ドメーヌの歴史は18世紀にまでさかのぼりますが、現在の評価の礎を築いたのは20世紀後半に運営を担った**ユベール・ド・モンティーユ**です。彼は当時一般的であった補糖や過度な介入に懐疑的で、収量の抑制と畑由来の構造を重視する姿勢を貫きました。1990年代以降は息子の**エティエンヌ・ド・モンティーユ**が参画し、家族経営の枠組みの中で栽培・醸造の精度をさらに高めていきます。
所有畑はヴォルネイを中核に、ポマール、オークセイ・デュレス、ムルソー、ピュリニー・モンラッシェなどコート・ド・ボーヌ各地に広がっています。プルミエ・クリュの比重が高く、**ヴォルネイ・タイユピエ、クロ・デ・デュック(モノポール)、カイユレ**など、村の性格を語るうえで欠かせない区画を含みます。白ではムルソーやピュリニーの重要区画を手がけ、赤・白ともに畑の立地差が明確に示されます。
栽培においては、2000年代以降**ビオディナミ農法**を段階的に導入し、現在は全面的に実践されています。化学肥料や除草剤に依存せず、土壌の生命力とブドウ樹の反応を最優先とする管理が徹底されています。収量は意図的に抑えられ、年ごとの気候条件は均質化されることなく、そのままワインの性格として受け入れられます。

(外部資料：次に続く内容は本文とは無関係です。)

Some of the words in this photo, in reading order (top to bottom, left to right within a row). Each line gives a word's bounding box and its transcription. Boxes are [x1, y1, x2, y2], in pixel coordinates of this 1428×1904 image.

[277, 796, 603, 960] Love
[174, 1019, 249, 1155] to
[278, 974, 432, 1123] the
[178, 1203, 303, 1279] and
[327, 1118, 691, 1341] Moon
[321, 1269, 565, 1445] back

醸造では、人的介入を抑えつつ、区画と年の違いを穏やかに引き出す方針が採られています。赤ワインは抽出を抑制し、タンニンの量よりも質感と全体の均衡を重視。新樽は使用されますが、その比率は抑えめで、装飾的な樽香を前面に出すことは意図されていません。白ワインにおいても、果実の純度と酸の張り、ミネラル感を軸とした構成が志向され、澱との接触時間を適切に確保した熟成が行われます。

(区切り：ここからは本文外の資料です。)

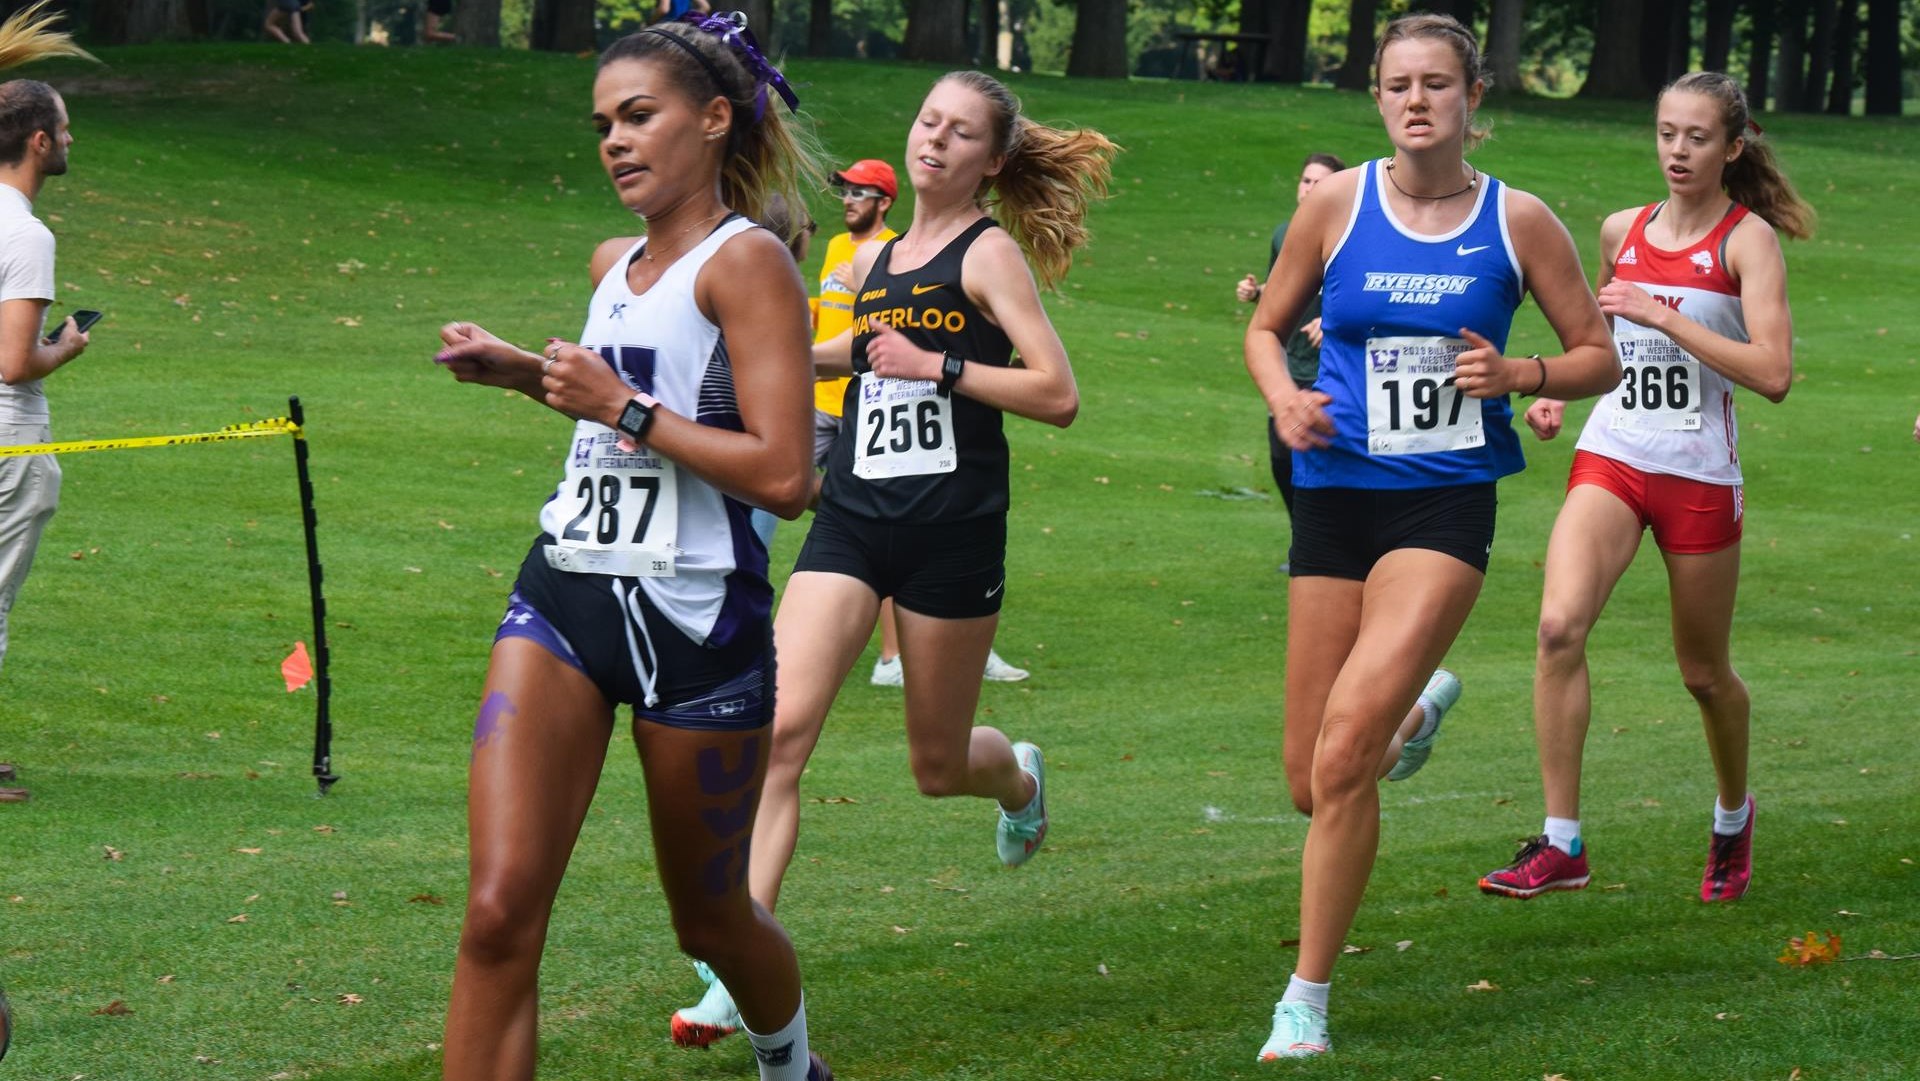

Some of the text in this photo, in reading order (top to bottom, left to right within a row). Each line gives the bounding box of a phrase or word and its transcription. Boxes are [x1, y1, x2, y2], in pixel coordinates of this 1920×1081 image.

[861, 288, 887, 302] OUA
[1363, 272, 1477, 294] RYERSON
[1389, 292, 1443, 304] RAMS
[1382, 376, 1464, 430] 197
[1621, 366, 1689, 410] 366
[866, 400, 943, 457] 256
[562, 474, 660, 545] 287

スタイルとしては、**即時的な華やかさよりも、構造・持続性・熟成による変化**が重視されています。若い段階では引き締まった印象を持つことが多く、時間の経過とともに層の厚みと奥行きが現れていきます。赤ではヴォルネイらしい繊細さと芯のある骨格が、白では直線的な酸と石灰由来の緊張感が共通の特徴です。
現在は、ブルゴーニュ外での展開として**ド・モンティーユ&北海道**などのプロジェクトも進められていますが、本拠地ブルゴーニュにおける基本姿勢に大きな変化はありません。畑と年に誠実に向き合い、長期的な視点で品質を積み重ねる姿勢が一貫しています。
総じて、ドメーヌ・ド・モンティーユは、**ヴォルネイを軸にブルゴーニュの区画概念を体系的に示してきた生産者**です。伝統を尊重しながらも、現代的な栽培哲学と精度によってその価値を更新し続けており、赤・白双方において基準点として参照される存在となっています。